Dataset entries

****************

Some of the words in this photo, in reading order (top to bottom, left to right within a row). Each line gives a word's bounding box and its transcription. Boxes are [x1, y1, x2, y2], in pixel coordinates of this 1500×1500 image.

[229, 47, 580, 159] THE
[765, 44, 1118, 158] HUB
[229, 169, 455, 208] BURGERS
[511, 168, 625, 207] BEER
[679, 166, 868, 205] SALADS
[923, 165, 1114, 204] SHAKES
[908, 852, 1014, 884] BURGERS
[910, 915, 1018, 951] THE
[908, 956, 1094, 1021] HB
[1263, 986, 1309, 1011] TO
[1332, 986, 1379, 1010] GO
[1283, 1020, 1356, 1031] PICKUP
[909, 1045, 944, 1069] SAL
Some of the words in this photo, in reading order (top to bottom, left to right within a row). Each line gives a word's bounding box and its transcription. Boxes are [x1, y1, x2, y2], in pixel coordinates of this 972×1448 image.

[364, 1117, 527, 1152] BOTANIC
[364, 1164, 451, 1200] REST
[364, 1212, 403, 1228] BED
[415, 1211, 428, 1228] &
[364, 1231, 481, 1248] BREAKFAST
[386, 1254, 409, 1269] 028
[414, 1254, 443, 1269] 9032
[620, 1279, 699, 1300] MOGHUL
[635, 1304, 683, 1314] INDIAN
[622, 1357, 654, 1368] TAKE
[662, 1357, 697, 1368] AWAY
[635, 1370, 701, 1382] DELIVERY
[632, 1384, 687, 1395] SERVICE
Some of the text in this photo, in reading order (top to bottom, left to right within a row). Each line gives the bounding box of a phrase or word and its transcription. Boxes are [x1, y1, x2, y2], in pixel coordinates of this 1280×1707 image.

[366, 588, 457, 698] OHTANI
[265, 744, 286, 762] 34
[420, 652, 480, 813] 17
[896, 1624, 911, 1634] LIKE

****************

_Exercise description_.
Write the data out in full, matching every line exactly.

_Answer box_.
Some of the words in this photo, in reading order (top to bottom, left to right within a row). Each line gives a word's bounding box and its transcription. Boxes are [x1, y1, x2, y2], in pixel coordinates of this 1500×1500 image.

[229, 47, 580, 159] THE
[765, 44, 1118, 158] HUB
[229, 169, 455, 208] BURGERS
[511, 168, 625, 207] BEER
[679, 166, 868, 205] SALADS
[923, 165, 1114, 204] SHAKES
[908, 852, 1014, 884] BURGERS
[910, 915, 1018, 951] THE
[908, 956, 1094, 1021] HB
[1263, 986, 1309, 1011] TO
[1332, 986, 1379, 1010] GO
[1283, 1020, 1356, 1031] PICKUP
[909, 1045, 944, 1069] SAL
Some of the words in this photo, in reading order (top to bottom, left to right within a row). Each line gives a word's bounding box and its transcription. Boxes are [x1, y1, x2, y2], in pixel coordinates of this 972×1448 image.

[364, 1117, 527, 1152] BOTANIC
[364, 1164, 451, 1200] REST
[364, 1212, 403, 1228] BED
[415, 1211, 428, 1228] &
[364, 1231, 481, 1248] BREAKFAST
[386, 1254, 409, 1269] 028
[414, 1254, 443, 1269] 9032
[620, 1279, 699, 1300] MOGHUL
[635, 1304, 683, 1314] INDIAN
[622, 1357, 654, 1368] TAKE
[662, 1357, 697, 1368] AWAY
[635, 1370, 701, 1382] DELIVERY
[632, 1384, 687, 1395] SERVICE
Some of the text in this photo, in reading order (top to bottom, left to right within a row). Each line gives the bounding box of a phrase or word and its transcription. Boxes are [x1, y1, x2, y2], in pixel coordinates of this 1280×1707 image.

[366, 588, 457, 698] OHTANI
[265, 744, 286, 762] 34
[420, 652, 480, 813] 17
[896, 1624, 911, 1634] LIKE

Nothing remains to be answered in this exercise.